## PROBLEM STATEMENT
Please retype the entries below word for word, passing over every picture.

Collected data
+---+

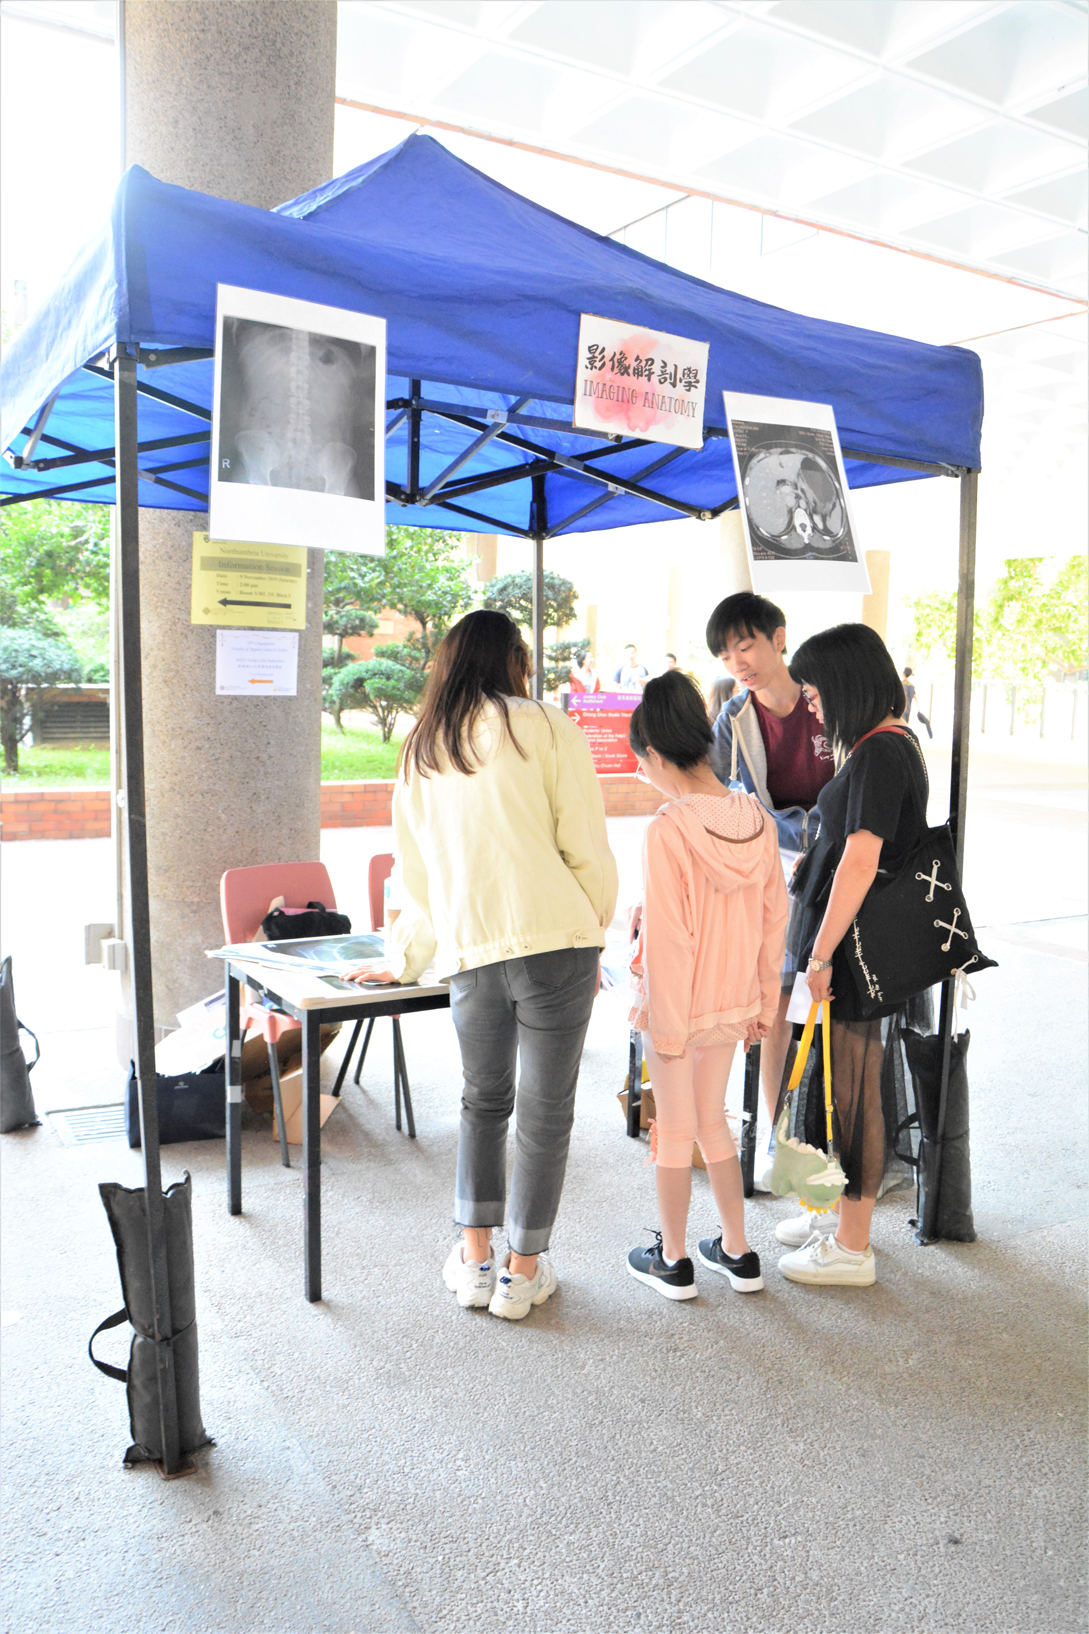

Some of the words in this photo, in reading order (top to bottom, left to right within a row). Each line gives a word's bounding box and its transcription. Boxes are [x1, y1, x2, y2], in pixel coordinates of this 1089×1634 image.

[585, 343, 700, 393] 影像解剖學
[583, 379, 638, 405] IMAGING
[642, 391, 698, 418] ANATOMY
[222, 458, 230, 469] R
[220, 548, 260, 556] Northumbria
[260, 550, 289, 560] University
[218, 560, 264, 570] Information
[265, 564, 291, 573] Session
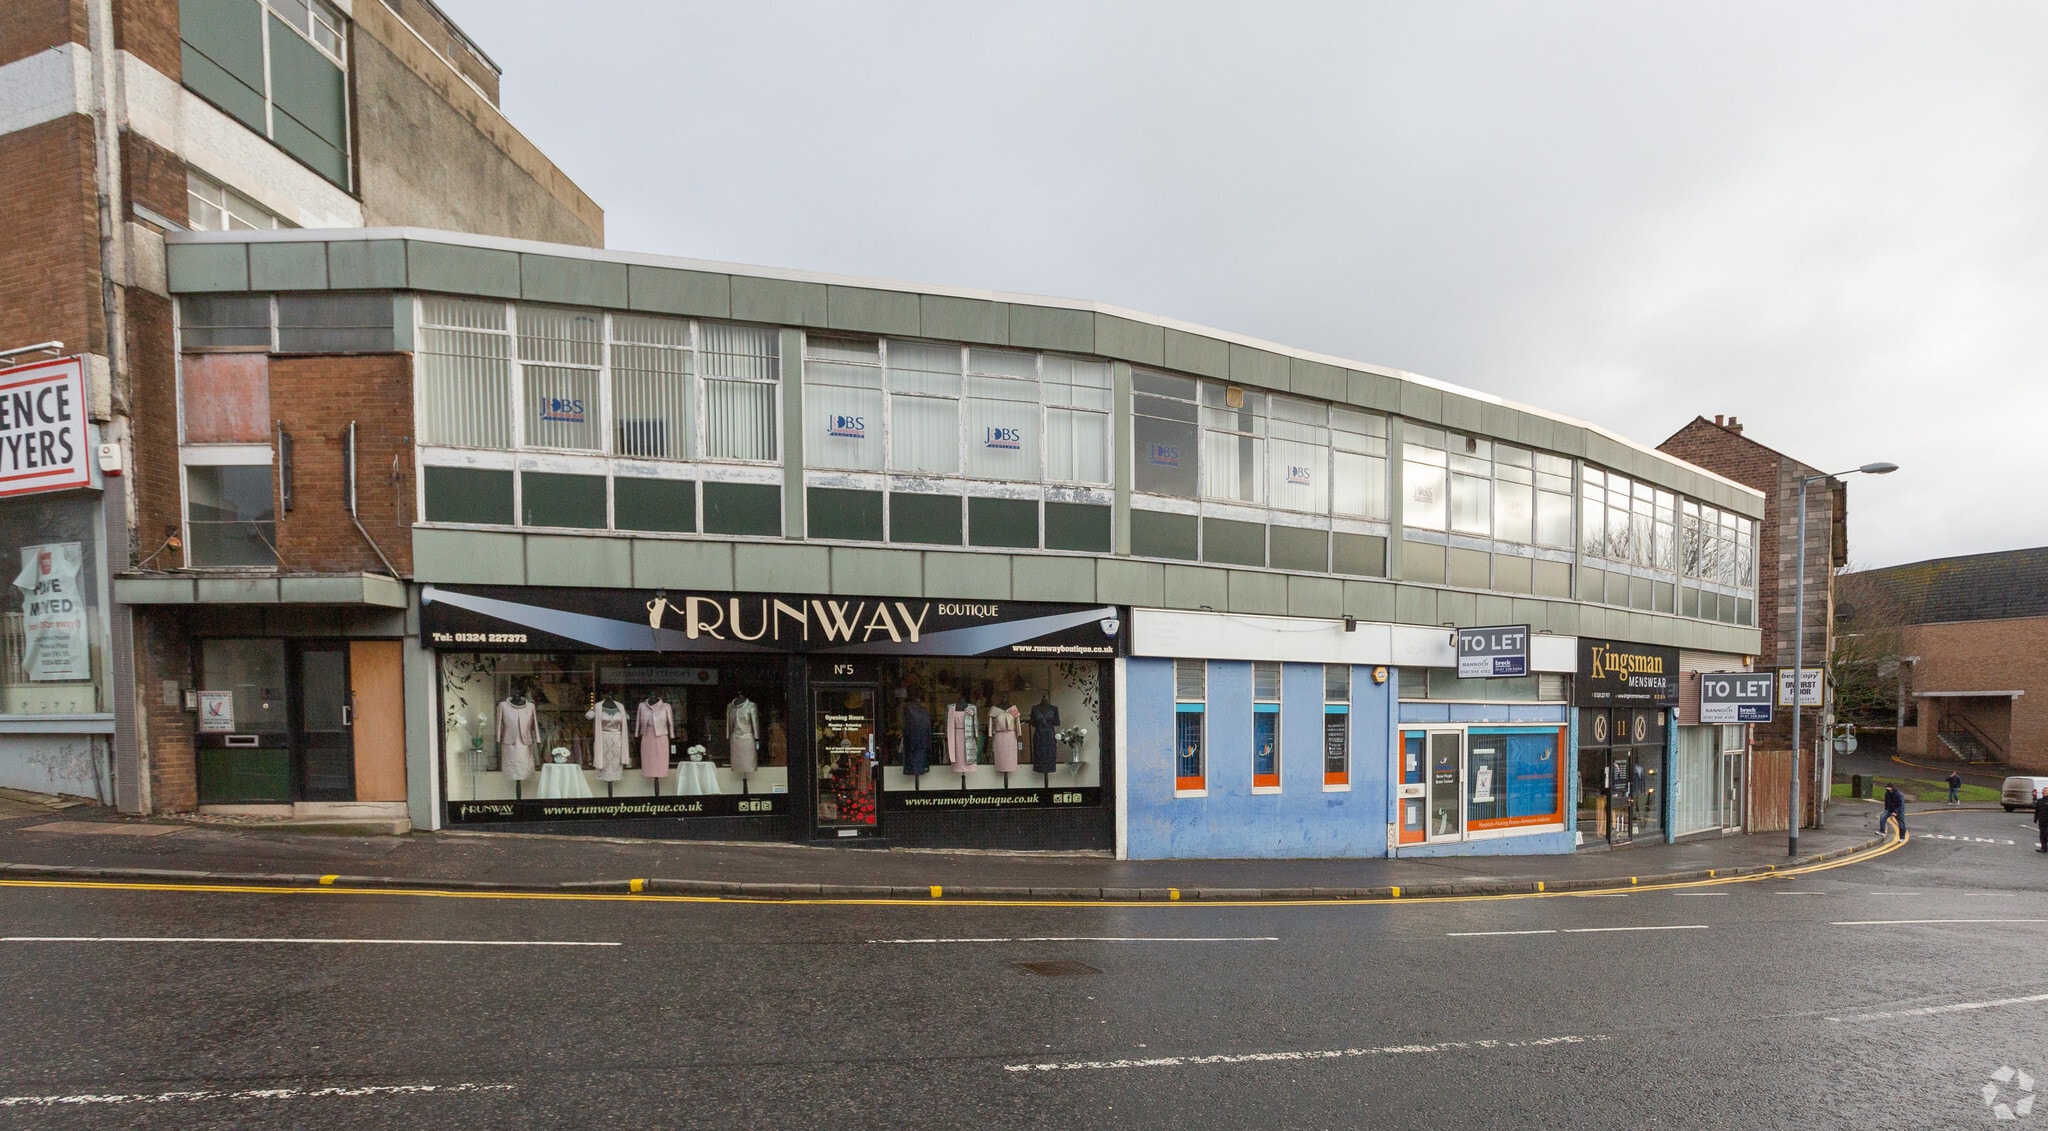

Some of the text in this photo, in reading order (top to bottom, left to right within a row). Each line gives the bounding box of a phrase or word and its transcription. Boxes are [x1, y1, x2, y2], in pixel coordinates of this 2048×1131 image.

[0, 384, 71, 431] ENCE
[0, 427, 73, 473] YERS
[686, 596, 999, 644] RUNWAY BOUTIQUE
[433, 632, 528, 643] Tel: 01324 227373
[1461, 633, 1524, 651] TO LET
[1012, 644, 1114, 654] www.runwayboutique.co.uk
[1591, 643, 1663, 681] Kingsman
[1628, 676, 1666, 688] MENSWEAR
[1704, 680, 1770, 697] TO LET
[543, 801, 703, 817] www.runwayboutique.co.uk
[905, 794, 1039, 808] www.runwayboutique.co.uk
[469, 805, 514, 815] RUNWAY
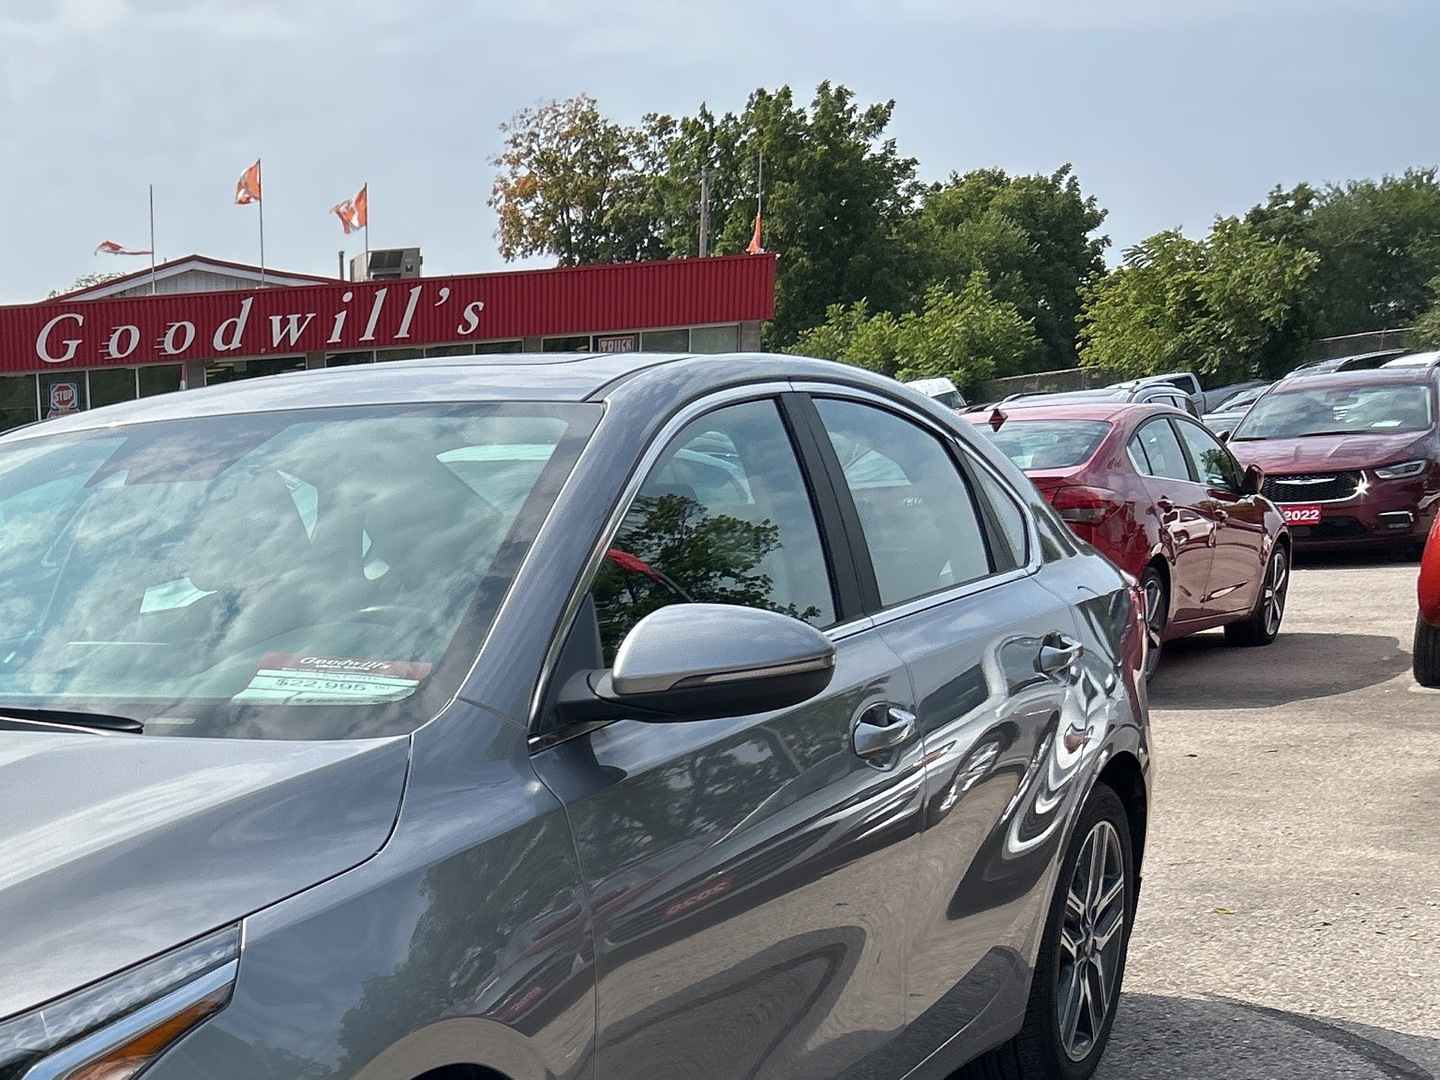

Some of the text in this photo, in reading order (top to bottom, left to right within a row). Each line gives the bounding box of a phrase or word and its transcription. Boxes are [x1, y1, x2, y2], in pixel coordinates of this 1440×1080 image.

[35, 285, 485, 364] Goodwill's
[54, 390, 73, 402] STOP
[1284, 509, 1320, 521] 2022
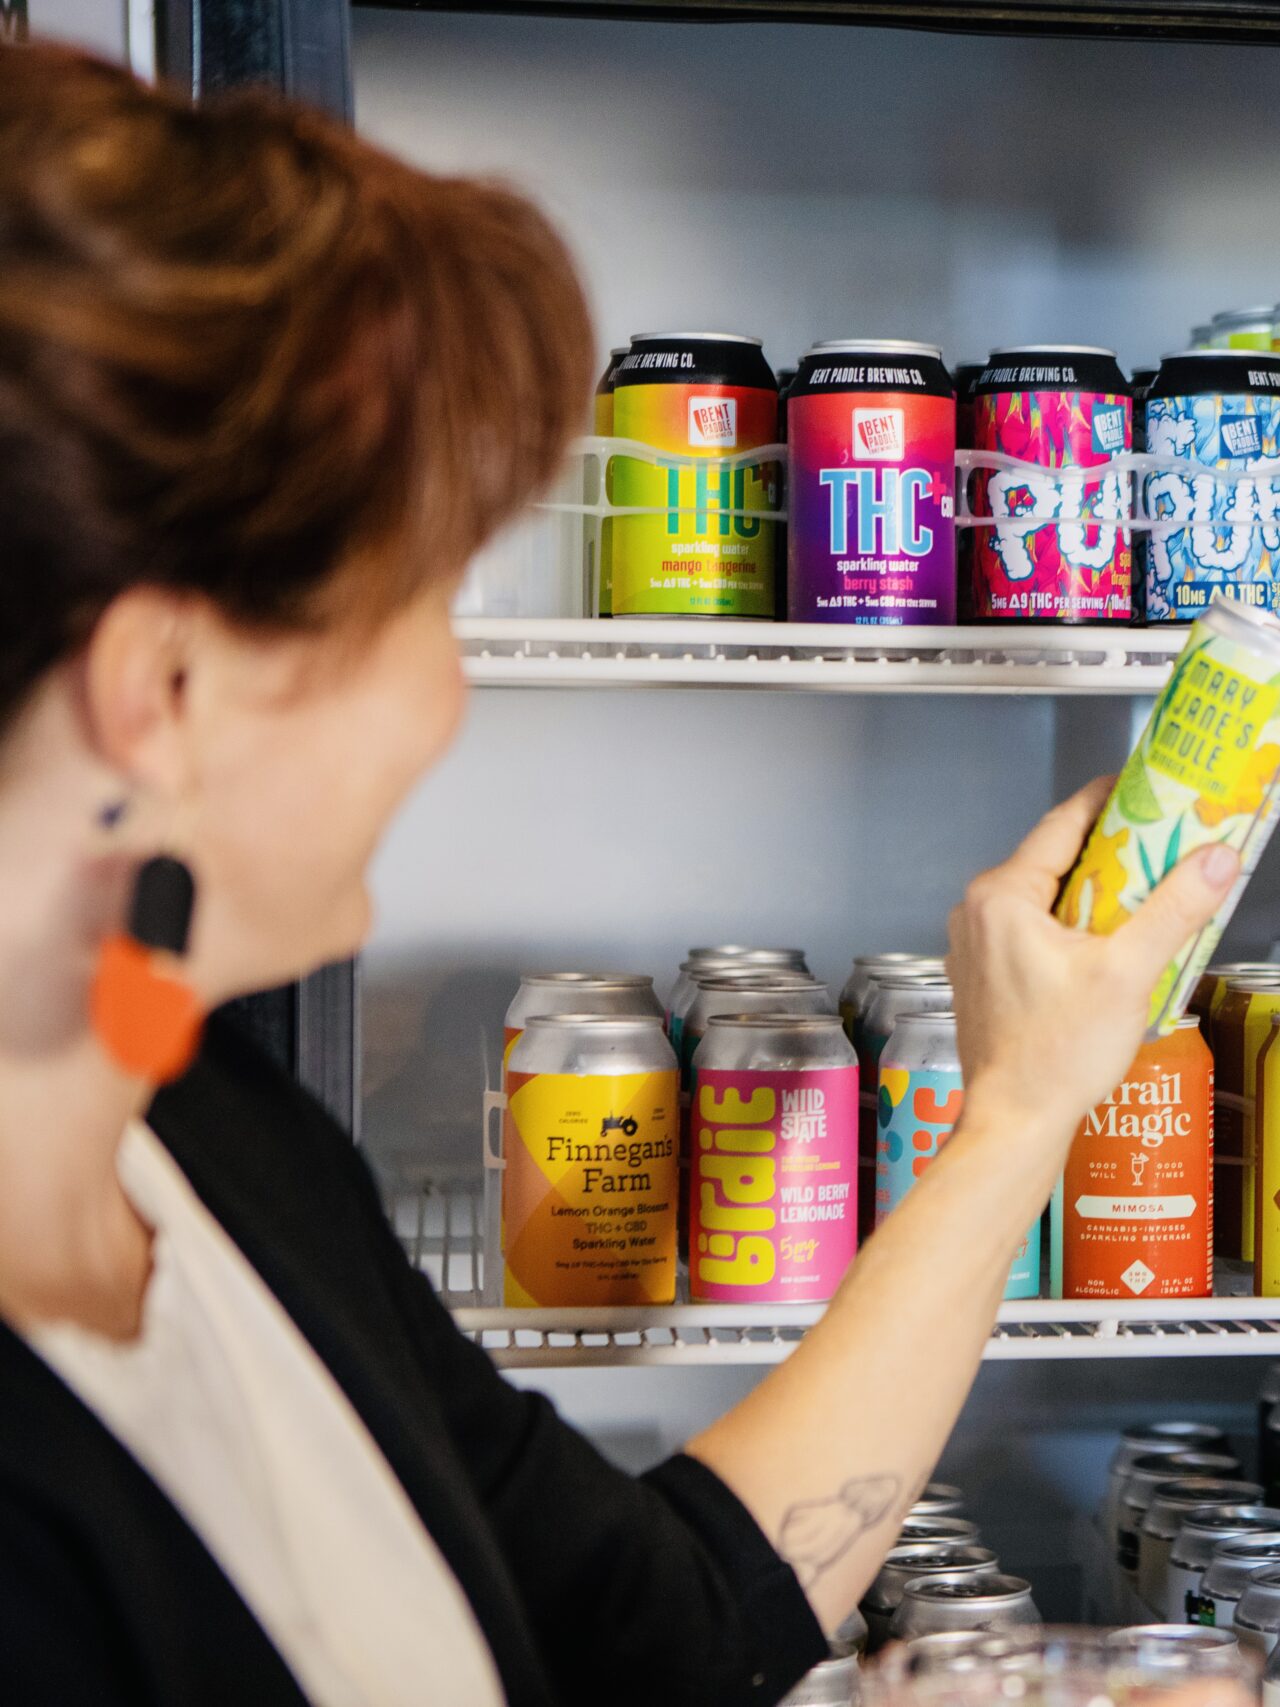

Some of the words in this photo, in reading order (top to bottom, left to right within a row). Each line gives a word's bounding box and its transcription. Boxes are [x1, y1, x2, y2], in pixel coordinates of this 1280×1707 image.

[680, 352, 696, 368] CO.
[809, 368, 831, 385] BENT
[831, 367, 865, 384] PADDLE
[867, 367, 910, 384] BREWING
[910, 369, 926, 386] CO.
[1019, 366, 1060, 382] BREWING
[1062, 367, 1078, 383] CO.
[1248, 371, 1269, 386] BENT
[701, 403, 729, 422] BENT
[1101, 410, 1122, 428] BENT
[703, 420, 732, 434] PADDLE
[865, 415, 895, 436] BENT
[1230, 418, 1256, 438] BENT
[869, 432, 897, 449] PADDLE
[1232, 436, 1260, 451] PADDLE
[655, 457, 761, 539] THC
[819, 467, 933, 557] THC
[672, 540, 720, 558] sparkling
[661, 560, 702, 575] mango
[837, 558, 887, 575] sparkling
[889, 560, 919, 572] water
[844, 576, 876, 593] berry
[879, 576, 913, 590] stash
[1030, 593, 1053, 609] THC
[1054, 597, 1070, 609] PER
[1072, 597, 1104, 610] SERVING
[1176, 584, 1205, 606] 10MG
[1239, 584, 1265, 606] THC
[1190, 660, 1257, 711] MARY
[1173, 691, 1253, 749] JANE'S
[1160, 720, 1222, 773] MULE
[781, 1088, 825, 1113] WILD
[780, 1115, 827, 1144] STATE
[1084, 1105, 1191, 1148] Magic
[547, 1134, 672, 1168] Finnegan's
[582, 1169, 651, 1192] Farm
[780, 1187, 814, 1204] WILD
[818, 1183, 850, 1201] BERRY
[551, 1206, 589, 1217] Lemon
[592, 1205, 634, 1218] Orange
[780, 1203, 845, 1223] LEMONADE
[1112, 1204, 1164, 1213] MIMOSA
[586, 1222, 612, 1234] THC
[624, 1220, 647, 1232] CBD
[1087, 1224, 1185, 1233] CANNABIS-INFUSED
[573, 1238, 626, 1251] Sparkling
[629, 1236, 656, 1248] Water
[1080, 1233, 1136, 1242] SPARKLING
[1142, 1233, 1191, 1242] BEVERAGE
[1075, 1286, 1119, 1295] ALCOHOLIC

+---+

## EXPECTED ANSWER
Some of the words in this photo, in reading order (top to bottom, left to right within a row). Each line gives a word's bounding box and its transcription. Boxes are [x1, y1, x2, y2], in pixel coordinates of this 1089×1634 image.

[585, 343, 700, 393] 影像解剖學
[583, 379, 638, 405] IMAGING
[642, 391, 698, 418] ANATOMY
[222, 458, 230, 469] R
[220, 548, 260, 556] Northumbria
[260, 550, 289, 560] University
[218, 560, 264, 570] Information
[265, 564, 291, 573] Session

Some of the text in this photo, in reading order (top to bottom, left to right within a row). Each line gives the bounding box of a phrase or word and its transcription. Boxes are [x1, y1, x2, y2], in pixel coordinates of this 2048×1131 image.

[0, 384, 71, 431] ENCE
[0, 427, 73, 473] YERS
[686, 596, 999, 644] RUNWAY BOUTIQUE
[433, 632, 528, 643] Tel: 01324 227373
[1461, 633, 1524, 651] TO LET
[1012, 644, 1114, 654] www.runwayboutique.co.uk
[1591, 643, 1663, 681] Kingsman
[1628, 676, 1666, 688] MENSWEAR
[1704, 680, 1770, 697] TO LET
[543, 801, 703, 817] www.runwayboutique.co.uk
[905, 794, 1039, 808] www.runwayboutique.co.uk
[469, 805, 514, 815] RUNWAY

Some of the text in this photo, in reading order (top to bottom, left to right within a row). Each line gives the bounding box of a phrase or word and its transcription. Boxes are [x1, y1, x2, y2], in pixel coordinates of this 1440×1080 image.

[35, 285, 485, 364] Goodwill's
[54, 390, 73, 402] STOP
[1284, 509, 1320, 521] 2022

Some of the words in this photo, in reading order (top to bottom, left to right within a row). Each line gives a word's bounding box and its transcription. Boxes are [x1, y1, x2, y2], in pixel coordinates of this 1280×1707 image.

[680, 352, 696, 368] CO.
[809, 368, 831, 385] BENT
[831, 367, 865, 384] PADDLE
[867, 367, 910, 384] BREWING
[910, 369, 926, 386] CO.
[1019, 366, 1060, 382] BREWING
[1062, 367, 1078, 383] CO.
[1248, 371, 1269, 386] BENT
[701, 403, 729, 422] BENT
[1101, 410, 1122, 428] BENT
[703, 420, 732, 434] PADDLE
[865, 415, 895, 436] BENT
[1230, 418, 1256, 438] BENT
[869, 432, 897, 449] PADDLE
[1232, 436, 1260, 451] PADDLE
[655, 457, 761, 539] THC
[819, 467, 933, 557] THC
[672, 540, 720, 558] sparkling
[661, 560, 702, 575] mango
[837, 558, 887, 575] sparkling
[889, 560, 919, 572] water
[844, 576, 876, 593] berry
[879, 576, 913, 590] stash
[1030, 593, 1053, 609] THC
[1054, 597, 1070, 609] PER
[1072, 597, 1104, 610] SERVING
[1176, 584, 1205, 606] 10MG
[1239, 584, 1265, 606] THC
[1190, 660, 1257, 711] MARY
[1173, 691, 1253, 749] JANE'S
[1160, 720, 1222, 773] MULE
[781, 1088, 825, 1113] WILD
[780, 1115, 827, 1144] STATE
[1084, 1105, 1191, 1148] Magic
[547, 1134, 672, 1168] Finnegan's
[582, 1169, 651, 1192] Farm
[780, 1187, 814, 1204] WILD
[818, 1183, 850, 1201] BERRY
[551, 1206, 589, 1217] Lemon
[592, 1205, 634, 1218] Orange
[780, 1203, 845, 1223] LEMONADE
[1112, 1204, 1164, 1213] MIMOSA
[586, 1222, 612, 1234] THC
[624, 1220, 647, 1232] CBD
[1087, 1224, 1185, 1233] CANNABIS-INFUSED
[573, 1238, 626, 1251] Sparkling
[629, 1236, 656, 1248] Water
[1080, 1233, 1136, 1242] SPARKLING
[1142, 1233, 1191, 1242] BEVERAGE
[1075, 1286, 1119, 1295] ALCOHOLIC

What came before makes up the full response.